Write out each line of the material below once more, exactly as it appears.

DATA UNDER STUDY Start Marker

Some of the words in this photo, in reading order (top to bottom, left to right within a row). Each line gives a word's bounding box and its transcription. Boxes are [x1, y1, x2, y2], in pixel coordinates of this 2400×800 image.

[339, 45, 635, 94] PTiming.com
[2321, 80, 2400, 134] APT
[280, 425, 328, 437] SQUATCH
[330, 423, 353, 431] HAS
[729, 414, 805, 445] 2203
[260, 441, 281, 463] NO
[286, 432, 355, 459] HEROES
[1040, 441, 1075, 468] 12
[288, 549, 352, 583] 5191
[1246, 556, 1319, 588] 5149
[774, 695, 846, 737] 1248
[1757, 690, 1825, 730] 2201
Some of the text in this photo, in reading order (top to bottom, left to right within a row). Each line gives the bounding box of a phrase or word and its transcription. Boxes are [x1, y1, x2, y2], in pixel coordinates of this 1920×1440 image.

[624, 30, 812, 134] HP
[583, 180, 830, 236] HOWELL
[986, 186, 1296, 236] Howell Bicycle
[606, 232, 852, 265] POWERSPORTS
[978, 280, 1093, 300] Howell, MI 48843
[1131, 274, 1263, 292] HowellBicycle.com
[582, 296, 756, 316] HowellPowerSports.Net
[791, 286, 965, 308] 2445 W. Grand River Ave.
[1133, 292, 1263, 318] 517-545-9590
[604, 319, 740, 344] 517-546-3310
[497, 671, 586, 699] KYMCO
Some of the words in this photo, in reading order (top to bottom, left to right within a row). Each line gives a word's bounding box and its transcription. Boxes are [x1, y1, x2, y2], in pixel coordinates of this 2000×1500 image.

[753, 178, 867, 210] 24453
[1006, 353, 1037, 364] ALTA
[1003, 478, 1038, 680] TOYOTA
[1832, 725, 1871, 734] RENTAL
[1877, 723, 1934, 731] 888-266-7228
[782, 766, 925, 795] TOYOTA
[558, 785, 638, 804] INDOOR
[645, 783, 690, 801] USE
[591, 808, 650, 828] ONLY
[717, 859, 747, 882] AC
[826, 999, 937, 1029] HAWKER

DATA UNDER STUDY End Marker

RESULT =>
Some of the words in this photo, in reading order (top to bottom, left to right within a row). Each line gives a word's bounding box and its transcription. Boxes are [x1, y1, x2, y2], in pixel coordinates of this 2400×800 image.

[339, 45, 635, 94] PTiming.com
[2321, 80, 2400, 134] APT
[280, 425, 328, 437] SQUATCH
[330, 423, 353, 431] HAS
[729, 414, 805, 445] 2203
[260, 441, 281, 463] NO
[286, 432, 355, 459] HEROES
[1040, 441, 1075, 468] 12
[288, 549, 352, 583] 5191
[1246, 556, 1319, 588] 5149
[774, 695, 846, 737] 1248
[1757, 690, 1825, 730] 2201
Some of the text in this photo, in reading order (top to bottom, left to right within a row). Each line gives the bounding box of a phrase or word and its transcription. Boxes are [x1, y1, x2, y2], in pixel coordinates of this 1920×1440 image.

[624, 30, 812, 134] HP
[583, 180, 830, 236] HOWELL
[986, 186, 1296, 236] Howell Bicycle
[606, 232, 852, 265] POWERSPORTS
[978, 280, 1093, 300] Howell, MI 48843
[1131, 274, 1263, 292] HowellBicycle.com
[582, 296, 756, 316] HowellPowerSports.Net
[791, 286, 965, 308] 2445 W. Grand River Ave.
[1133, 292, 1263, 318] 517-545-9590
[604, 319, 740, 344] 517-546-3310
[497, 671, 586, 699] KYMCO
Some of the words in this photo, in reading order (top to bottom, left to right within a row). Each line gives a word's bounding box and its transcription. Boxes are [x1, y1, x2, y2], in pixel coordinates of this 2000×1500 image.

[753, 178, 867, 210] 24453
[1006, 353, 1037, 364] ALTA
[1003, 478, 1038, 680] TOYOTA
[1832, 725, 1871, 734] RENTAL
[1877, 723, 1934, 731] 888-266-7228
[782, 766, 925, 795] TOYOTA
[558, 785, 638, 804] INDOOR
[645, 783, 690, 801] USE
[591, 808, 650, 828] ONLY
[717, 859, 747, 882] AC
[826, 999, 937, 1029] HAWKER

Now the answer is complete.